カラヤン2度目のライヴ録音は、想像以上に劇的であり、激しい演奏だ。
それでいてカラヤンらしい外面の練磨は健在で、ライヴ収録であるにもかかわらず、極めて美しく、ゆっくり落ち着いてマーラーの音楽を堪能できる。
17年後、同じくベルリン芸術週間にてアバドがマーラーの同曲を振った。ベルリン・フィルの機能美を最大限に生かした名演奏だが、その方法と聴後の印象は両者で全く異なる。カラヤンが「動」だとするならアバドが「静」、あるいはカラヤンが「色」だとするならアバドは「空」。聖俗入り乱れる、光と影の象徴のような音楽が、どちらの側面を強調するかでこうも違ってくるのだから面白い。
アバドは、この後、まもなく病に倒れる。
そのことを予兆するかのような静かで、冷静な響きに、僕は初めて聴いたときから虜になった。(賛否はあるのだが)
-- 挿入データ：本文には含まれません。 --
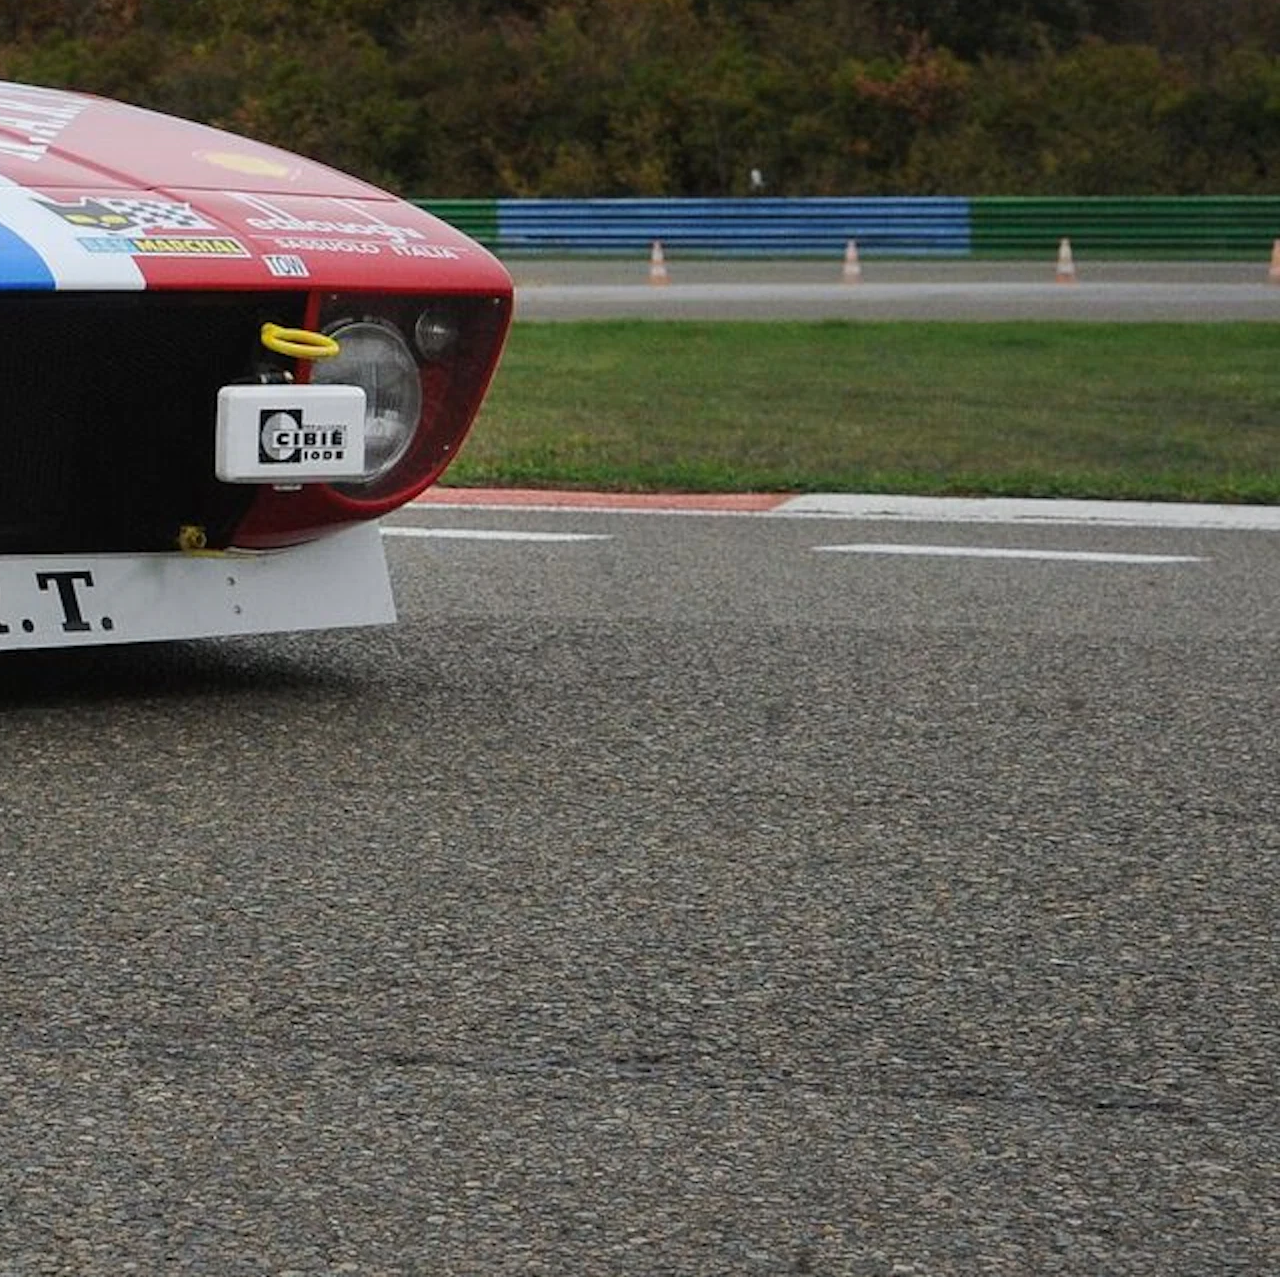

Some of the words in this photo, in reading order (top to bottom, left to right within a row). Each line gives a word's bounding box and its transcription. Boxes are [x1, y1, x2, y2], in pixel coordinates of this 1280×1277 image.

[134, 237, 242, 253] MARCHAL
[391, 243, 460, 260] ITALIA
[267, 255, 303, 275] TOW
マスコミがアバドを標的にしはじめただけでなく、聴衆もますます彼から気持ちが離れて行った。彼は楽譜にはまったく「忠実」である。しかしそれは、他の高名な指揮者とあまり違いがないという意味でもある。ある記者が書くように、高水準ではあるが特徴がないということだ。聴衆は、時にはリスクを冒すような天才を求めていた—たとえそれが異常であっても、冒険が失敗しても。アバドはフルトヴェングラーのように音楽に没頭できる。だが人は、他と間違えようもない、爆発的で、とてつもなく、圧倒的なものを求めていた。
~ヘルベルト・ハフナー著/市原和子訳「ベルリン・フィル あるオーケストラの自伝」(春秋社)P376
世間はとにかく他と比較してあら捜しをするものだ。
(特に前任者との比較)
(カラヤンが就任したときもそうだった)
アバドは、ベルリン・フィルとの最初のニューヨーク・ツアーを、散々に貶されている。
すでにアバドとベルリン・フィルによる初めてのニューヨーク・ツアーで、マーラーの第5番の最初、トランペットの入りを失敗していた。ニューヨーク・タイムズは、「カラヤンの有名なマシンの駆動装置を改めてピンと張りつめる必要があるほど、木管と金管楽器のテクニックは気が抜けて」おり、「仰々しくもったいぶった」マーラーであると報じた。
~同上書P376
それから10年を経てのマーラーは絶品だ。
雪、愛、マーラー ・マーラー:交響曲第9番ニ長調
クラウディオ・アバド指揮ベルリン・フィルハーモニー管弦楽団(1999.9Live)
基本、音楽は淡々と進む。
余分な思念が削られている分、「面白くない」と勘違いする人もいよう。
しかし、(大袈裟だが)無心の心の、最高の境地の体現であるように僕には思われる。
例えば、第3楽章ロンド・ブルレスケあたりで時折咆哮する瞬間も決して煩くなく、音楽そのものの要求通りにコントロールされた音に翻弄されることなく、安心して心身を委ねることができるのだからすごい。
続く終楽章アダージョは白眉。
無心で、無駄がなければ、音楽は自ずと透明感を増す。
先の先までがはっきりと見え、一切の遅滞なく、ゆるやかながら大いなる推進力の下、音楽は敢然と歩みを進める。
光と闇の対比を表現する晩年のマーラーの音楽にあって、これほど陰陽が統合された演奏が他にあるのかと思わせるほど。音楽は一貫して生命の尊さを示す。